Collected data entries
::::
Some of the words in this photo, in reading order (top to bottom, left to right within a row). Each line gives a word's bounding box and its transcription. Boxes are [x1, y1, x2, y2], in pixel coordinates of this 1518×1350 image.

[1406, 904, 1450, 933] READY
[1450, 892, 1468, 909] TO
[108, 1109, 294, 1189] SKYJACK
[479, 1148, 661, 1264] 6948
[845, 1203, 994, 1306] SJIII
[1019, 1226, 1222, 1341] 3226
::::
DESCRIPTION OF THE TASK |
Nothing in the entries may change. Retype them all.

ANSWER TO THIS PROBLEM |
Some of the words in this photo, in reading order (top to bottom, left to right within a row). Each line gives a word's bounding box and its transcription. Boxes are [x1, y1, x2, y2], in pixel coordinates of this 1518×1350 image.

[1406, 904, 1450, 933] READY
[1450, 892, 1468, 909] TO
[108, 1109, 294, 1189] SKYJACK
[479, 1148, 661, 1264] 6948
[845, 1203, 994, 1306] SJIII
[1019, 1226, 1222, 1341] 3226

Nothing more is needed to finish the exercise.